Singing Voice Separation Using Equivalent Rectangular Bandwidth NMF and Recurrent Neural Network
Date Issued
2016
Date
2016
Author(s)
Su, Chao-Wei
Abstract
Music information retrieval (MIR) plays an important role in today’s society. Many music applications, such as Shazam, Soundhound, Spotify, or Apple Music, in need of “query by humming” or “music recommendation” technique’s help. These techniques are all in the range of MIR domain. One of the most widely discussed topic is source separation of music signal. When the mixed signal can be separated into the components that consist of them, the performance of music recognition, retrieval, or re-creation can be greatly improved. Traditionally, source separation are done by using non-negative matrix factorization (NMF) technique on short-time Fourier transform (STFT) of signals.
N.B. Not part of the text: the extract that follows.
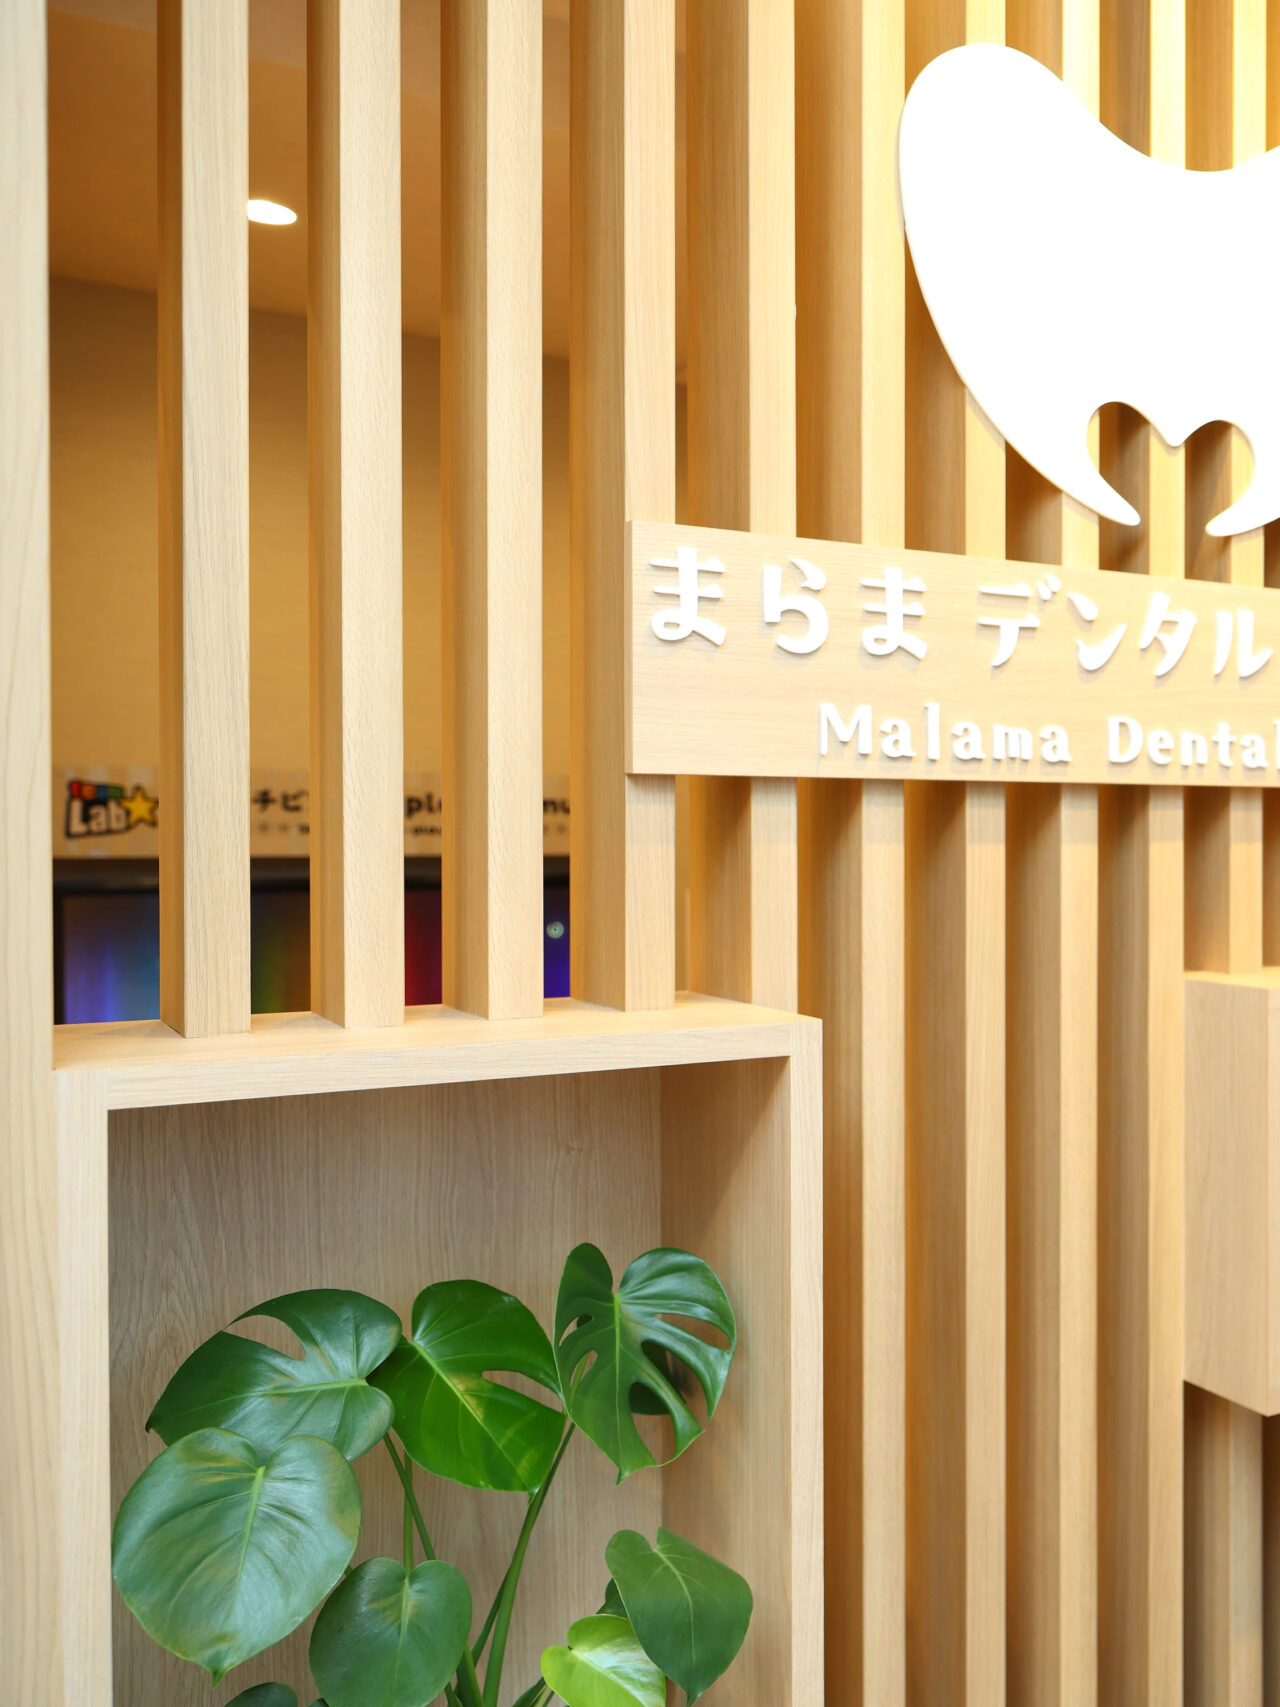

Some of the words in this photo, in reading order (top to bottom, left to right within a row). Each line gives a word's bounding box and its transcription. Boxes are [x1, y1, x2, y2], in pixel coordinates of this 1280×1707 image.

Recent researches showed that using the spectra of equivalent rectangular bandwidth (ERB) could further improve the performance of NMF. Besides, as the improvement of computing power, deep learning techniques do a great job on the machine learning researches. Among then, recurrent neural network (RNN) has better result on the data which has time continuous feature. This thesis studied both old and new works respectively, and proposed an integral structure. The results show that within the proper amount of iterations, the combination of two methods has better performance and convergence time.
Subjects
Music information retrieval
Source separation
Nonnegative matrix factorization
Equivalent rectangular bandwidth
Fourier transform
Deep learning
Neural network
Recurrent neural network
Type
thesis